*** DATA Section Begins ***
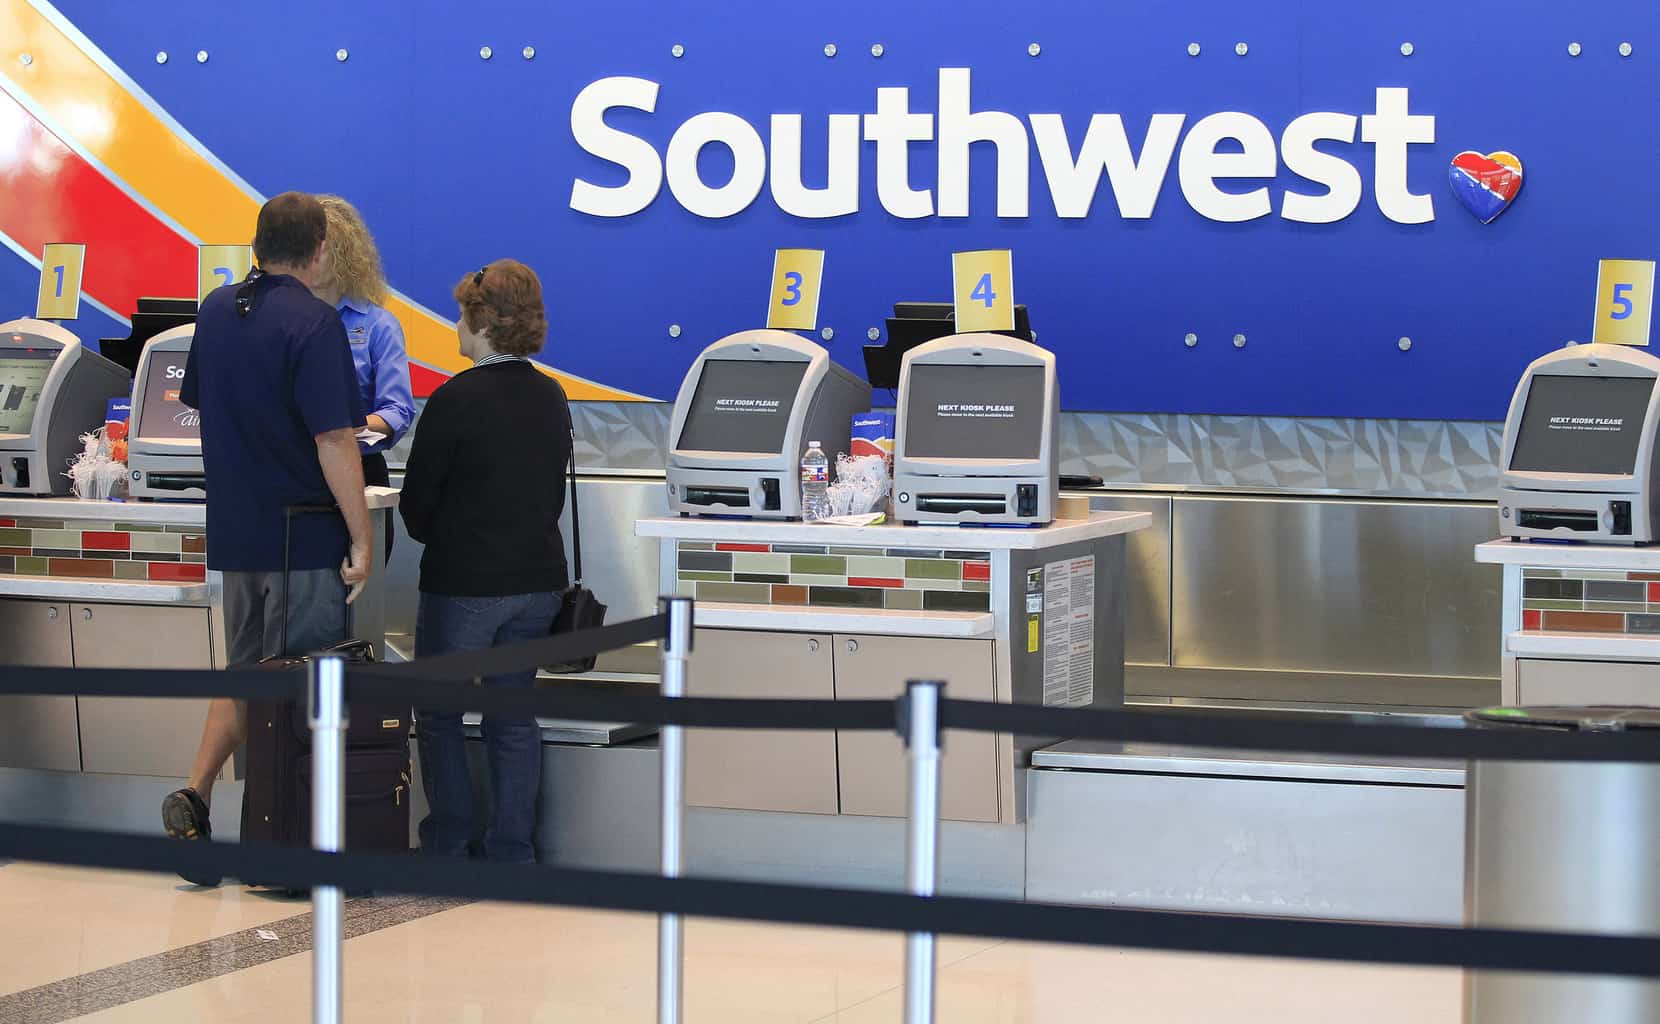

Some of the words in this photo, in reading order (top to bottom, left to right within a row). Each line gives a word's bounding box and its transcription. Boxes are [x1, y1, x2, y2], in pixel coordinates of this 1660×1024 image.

[569, 67, 1436, 225] Southwest
[53, 265, 65, 297] 1
[781, 272, 803, 306] 3
[970, 273, 997, 308] 4
[1610, 283, 1634, 320] 5
[1571, 417, 1595, 425] KIOSK
*** DATA Section Ends ***
— INSTRUCTIONS FOR THE TASK —
The records above should be retyped in full and exactly; omit the pictures.

— EXERCISE RESULT —
Some of the words in this photo, in reading order (top to bottom, left to right within a row). Each line gives a word's bounding box and its transcription. Boxes are [x1, y1, x2, y2], in pixel coordinates of this 1660×1024 image.

[569, 67, 1436, 225] Southwest
[53, 265, 65, 297] 1
[781, 272, 803, 306] 3
[970, 273, 997, 308] 4
[1610, 283, 1634, 320] 5
[1571, 417, 1595, 425] KIOSK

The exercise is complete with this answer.